On Mon, 2010-11-29 at 17:57 +0100, michael.vancanneyt at wisa.be wrote:
> 
> On Mon, 29 Nov 2010, Joost van der Sluis wrote:
> 
> > On Wed, 2010-11-24 at 20:57 +0100, Michael Van Canneyt wrote:
> >>
> >> On Wed, 24 Nov 2010, Alexsander Rosa wrote:
> >>
> >>> But it is transparent to the libpq programmer; why it's not transparent with sqldb?
> >>
> >> Correction: it can be transparant in libpq.
> >>
> >> But we can make it so in SQLDB.
> >>
> >> The SQLDB model is in fact modeled after Firebird.
> >> Firebird offers more control over the transactions.
> >>
> >> We did not want to take away this possibility, so we modeled sqldb on
> >> the most powerful RDBMS. This adds some overhead for the others.
> >>
> >> What we neglected to do is add what Martin added: offer a less intrusive
> >> way for the programmer to use it (i.e. create a default transaction in the
> >> background if none is specified, and close the transaction once the data
> >> is read).
> >>
> >> But we'll do that too, all in good time.
> >>
> >> If someone is in a hurry, patches are definitely accepted.
> >
> > Problem is that I haven't found a good model for this.
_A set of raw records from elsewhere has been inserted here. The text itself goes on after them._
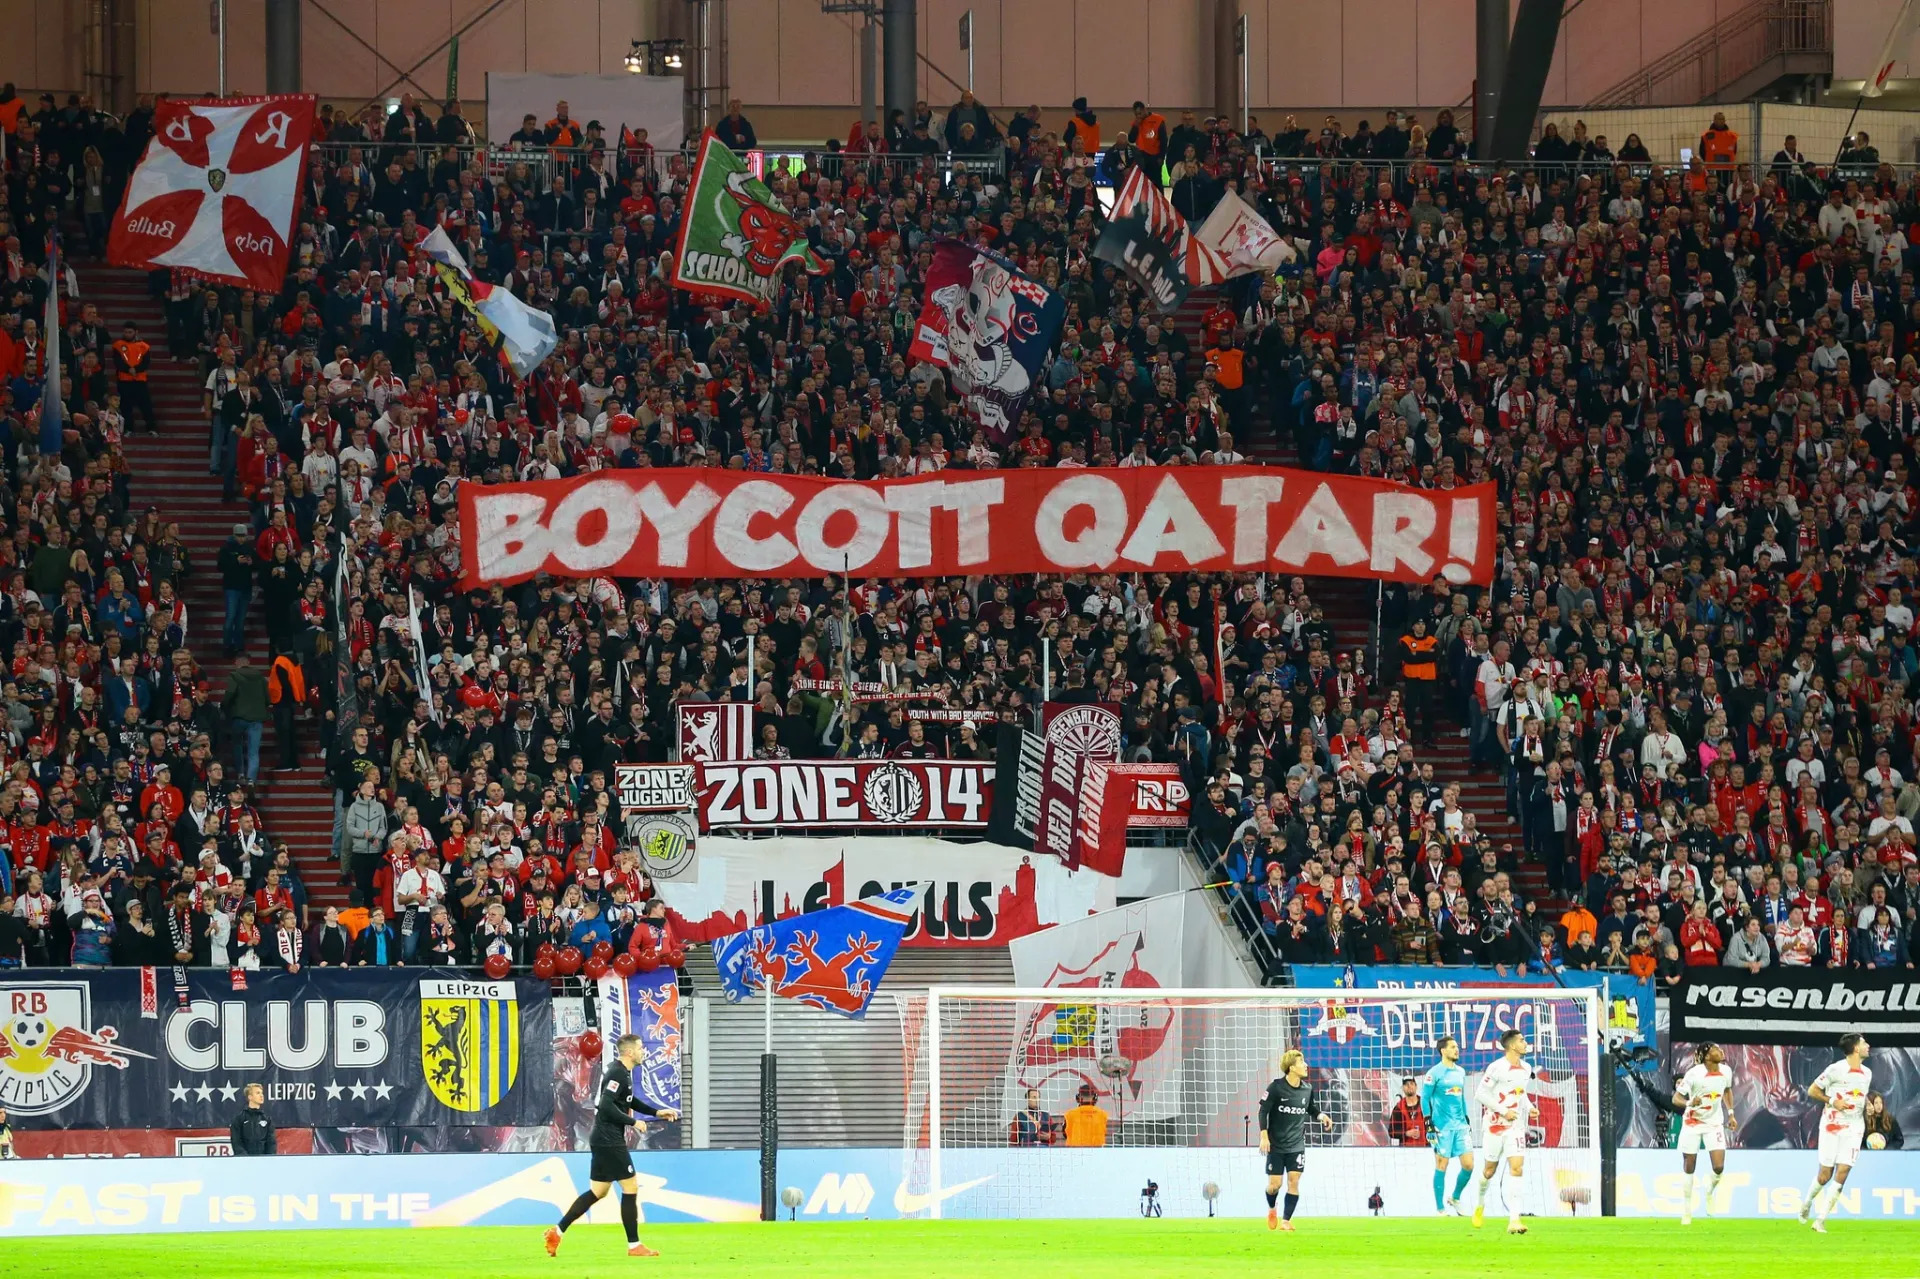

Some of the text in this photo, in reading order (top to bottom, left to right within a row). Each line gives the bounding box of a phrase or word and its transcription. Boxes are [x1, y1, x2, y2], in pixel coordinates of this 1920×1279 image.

[475, 474, 1480, 585] BOYCOTT QATAR!
[908, 709, 929, 720] YOUTH
[930, 710, 948, 720] WITH
[618, 769, 685, 789] ZONE
[1052, 745, 1079, 796] DR
[618, 789, 687, 805] JUGEND
[704, 766, 859, 822] ZONE
[1131, 778, 1191, 812] RP
[11, 992, 48, 1014] RB
[437, 983, 499, 997] LEIPZIG
[165, 1000, 391, 1071] CLUB
[1383, 1003, 1557, 1052] DELITZSCH
[0, 1068, 71, 1105] EIPZIG
[267, 1083, 316, 1100] LEIPZIG
[0, 1181, 203, 1227] FAST
[208, 1195, 256, 1223] IS
[268, 1193, 319, 1222] IN
[330, 1192, 430, 1221] THE
[1757, 1187, 1792, 1214] IS
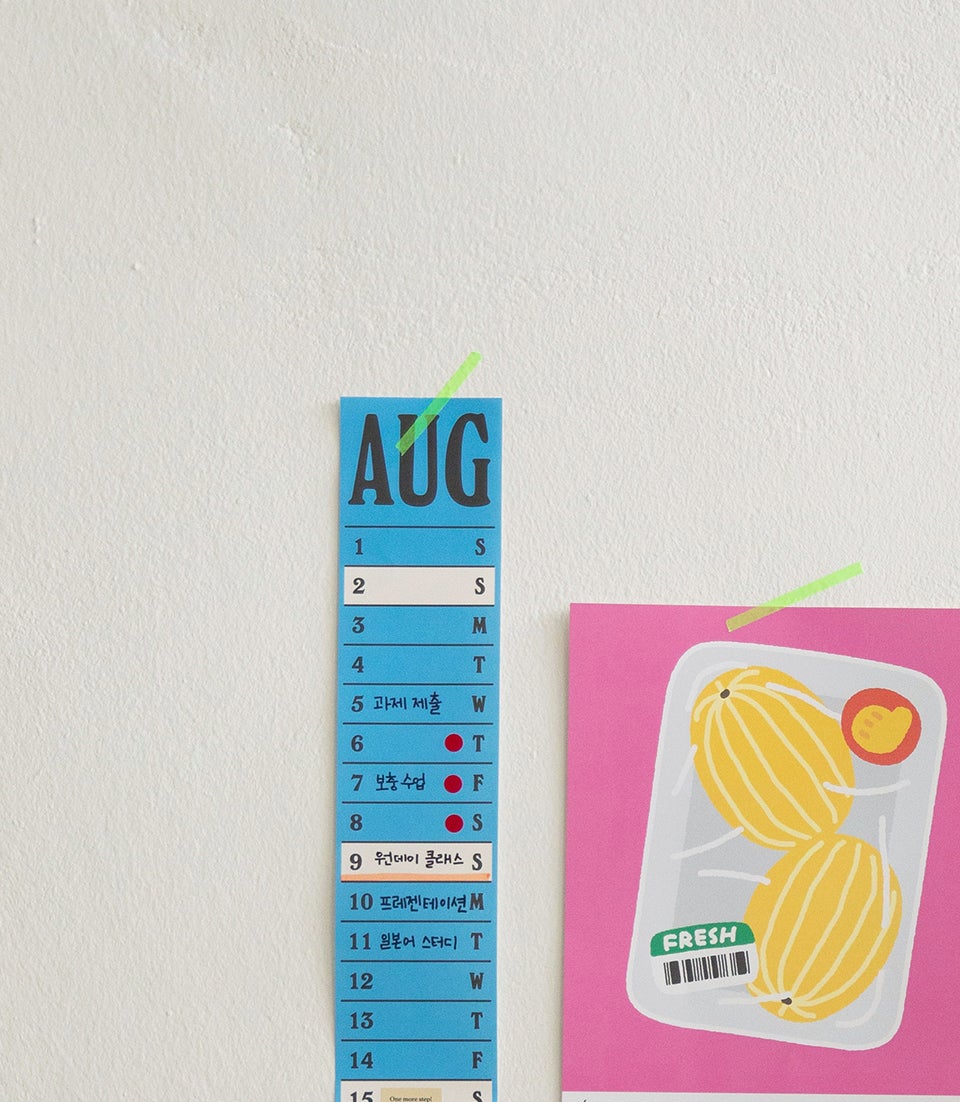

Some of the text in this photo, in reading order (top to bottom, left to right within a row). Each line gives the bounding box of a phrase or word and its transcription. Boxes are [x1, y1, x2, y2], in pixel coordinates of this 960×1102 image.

Martin's solution
> > could be an idea, though.
> >
> > It could help if someone could sketch the typical wanted behavior from
> > the transactions.
> 
> I sent an idea for an implementation in a reply to Alexsander Rosa.
> basically:
> 
> TConnectionOption = (coAutoTransaction)
> TConnectionOptions = set of TConnectionOption;
> 
> Property TSQLConnection.options = TConnectionOptions;
> 
> Procedure TSQLConnection.CreateDefaultTransaction;
> 
> If coAutoTransaction is set, and TSQLQuery does not have a TSQLTransaction
> assigned, it creates one through TSQLConnection.CreateDefaultTransaction.
> (It should be of type TSQLAutoTransaction, a simple descendent of
> TSQLtransaction, so detection of 'default transaction' is simple)
> 
> Whenever a TSQLQuery statement is executed and the transaction of TSQLTransaction is
> of type TSQLAutoTransaction, then it automatically commits (more flags can be introduced
> for this).
No, not the design. What I meant is to sketch what you want to do. Eg:

I open a dataset
A user changes some data
Data is saved

In this case it should be:

Open transaction
Open data
Edit data
Close data
Close/commit transaction

This can be done perfectly with sqldb. But which are the cases which are
difficult?

Joost.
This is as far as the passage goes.